Need for fresh air
Our need for fresh air, essential to our functioning as human beings, is not normally contested by anyone. This is because we have basic physiological needs – our brains and the cells in our bodies need oxygen so that they can develop and perform properly. However, the air we breathe contains more or less harmful substances and these cause more problems than most of us can probably imagine or understand. On their own, these substances might be troublesome – but collectively, they could be disastrous! Remember, that while we need about 0.75 kg of food and about 1.5 kg of liquid per day, we need at least 15 kg of air!
It is quite reasonable to compare an air handling system in a building to our own respiratory system with its airways and lungs, as both systems have enormous significance for our health and well-being. And, as the air is often used to supply or remove heat, this makes the importance of the air handling system even greater, as it significantly affects our comfort, well-being, productivity and efficiency. Buildings, too, need a continuous change of air to feel good.
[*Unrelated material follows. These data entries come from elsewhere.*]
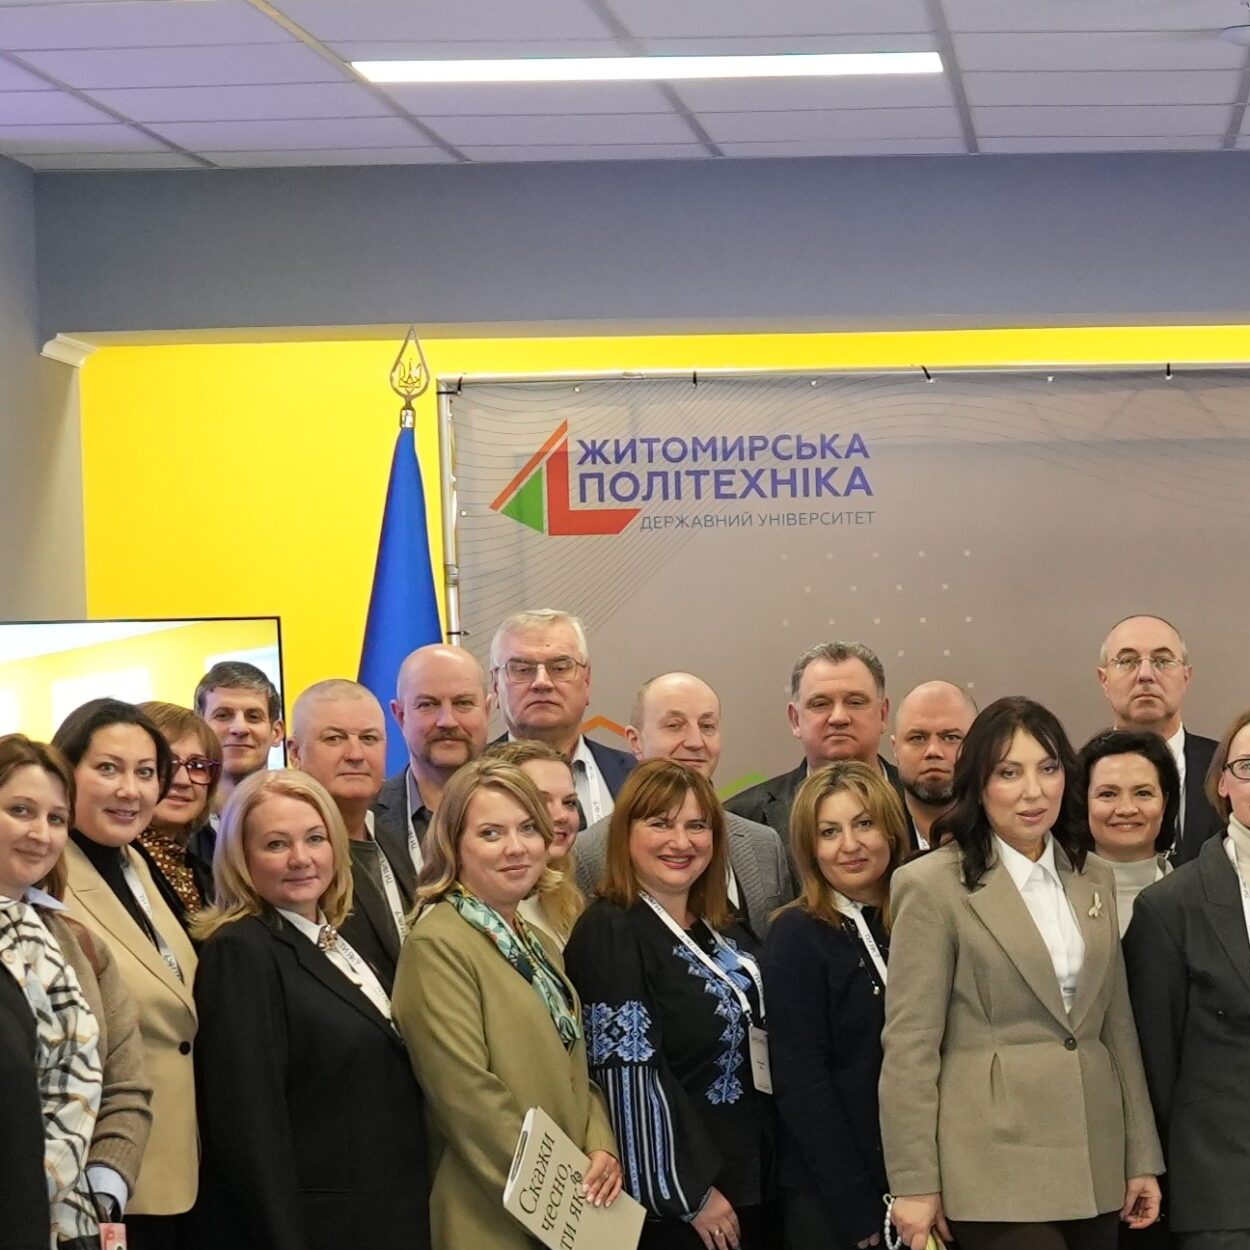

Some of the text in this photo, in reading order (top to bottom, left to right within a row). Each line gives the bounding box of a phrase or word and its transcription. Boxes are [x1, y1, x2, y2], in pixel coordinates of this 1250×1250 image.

[577, 433, 870, 465] ЖИТОМИРСЬКА
[579, 466, 874, 502] ПОЛІТЕХНІКА
[640, 511, 876, 531] ДЕРЖАВНИЙ УНІВЕРСИТЕТ
[519, 1132, 555, 1214] Скажи
[541, 1164, 573, 1231] чесно,
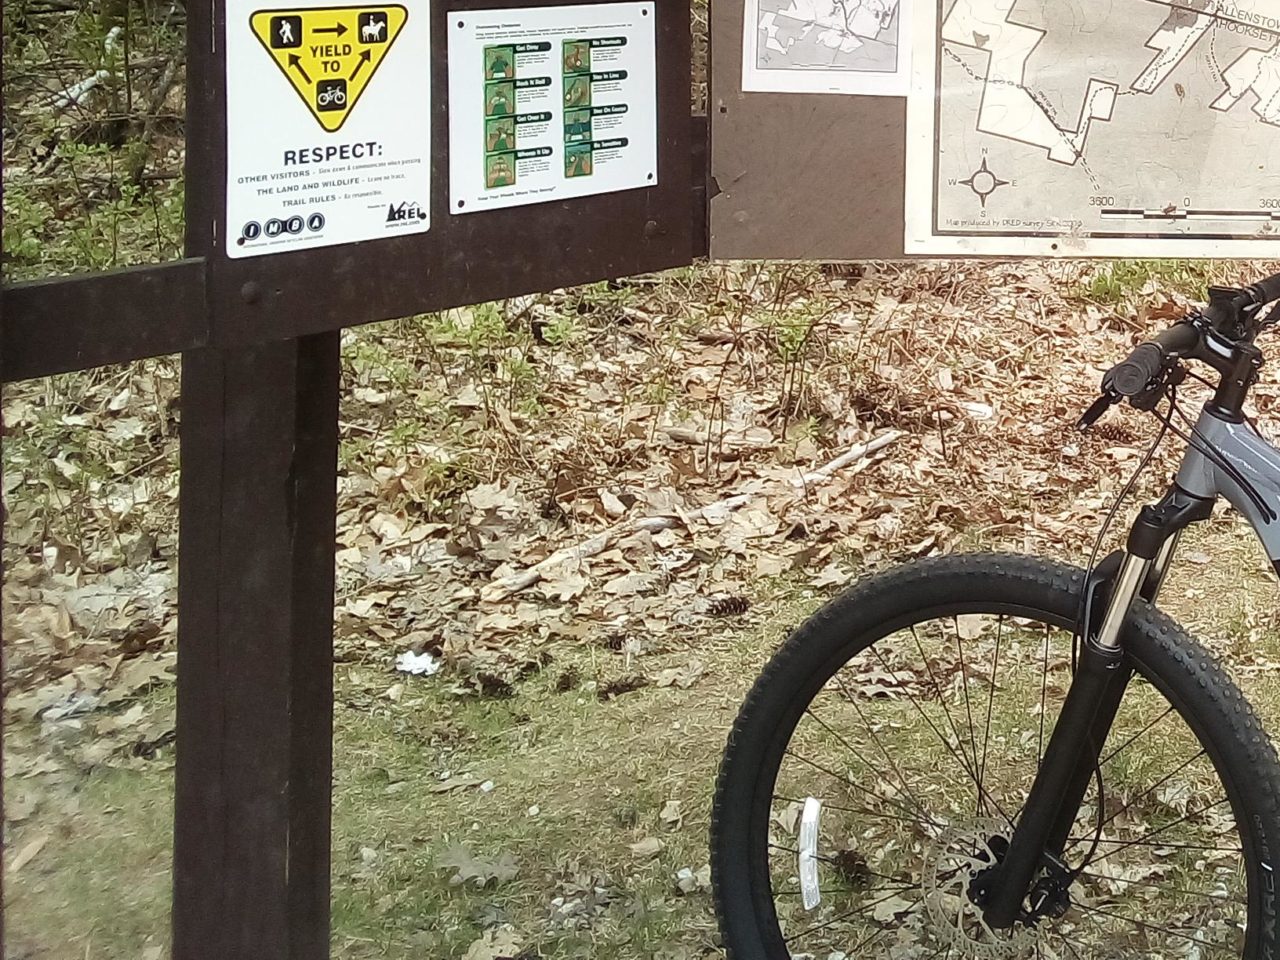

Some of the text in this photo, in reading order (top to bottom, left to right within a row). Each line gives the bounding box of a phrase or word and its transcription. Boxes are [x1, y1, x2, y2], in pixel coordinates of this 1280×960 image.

[309, 44, 352, 58] YIELD
[321, 60, 341, 73] TO
[284, 141, 383, 166] RESPECT:
[237, 170, 310, 184] OTHER VISITORS
[257, 188, 273, 196] THE
[276, 185, 299, 194] LAND
[302, 182, 319, 191] AND
[322, 178, 360, 189] WILDLIFE
[282, 198, 306, 208] TRAIL
[309, 195, 336, 205] RULES
[1088, 196, 1114, 206] 3600
[1183, 197, 1191, 207] 0
Lack of common point of view
Bearing in mind all of the above, it is rather odd that those involved in planning a building rarely see things from the same point of view. Short term economic interests are often allowed to determine the choice of technical solutions and, when costs are not critical, buildings are all too often designed in such a way that they are neither pleasant to occupy nor energy-efficient. And, up to now, it has been rather difficult to accept feedback and learn from expensive mistakes, and thereby avoid repeating them.
Public, health, energy and environmental issues – and economic realities
We are also convinced that economical aspects must be considered as well public health, energy and the environment. No matter how efficient and health-promoting an investment might look, it would most probably never be carried out if it were not shown to be economically viable. Today, reliable research results show that there is a clear connection between poor indoor climate and ill-health. And ill-health costs a great deal of money. In other words, there is a real incentive for property owners to invest in good indoor climates now, as future tenants will almost certainly step up their demands.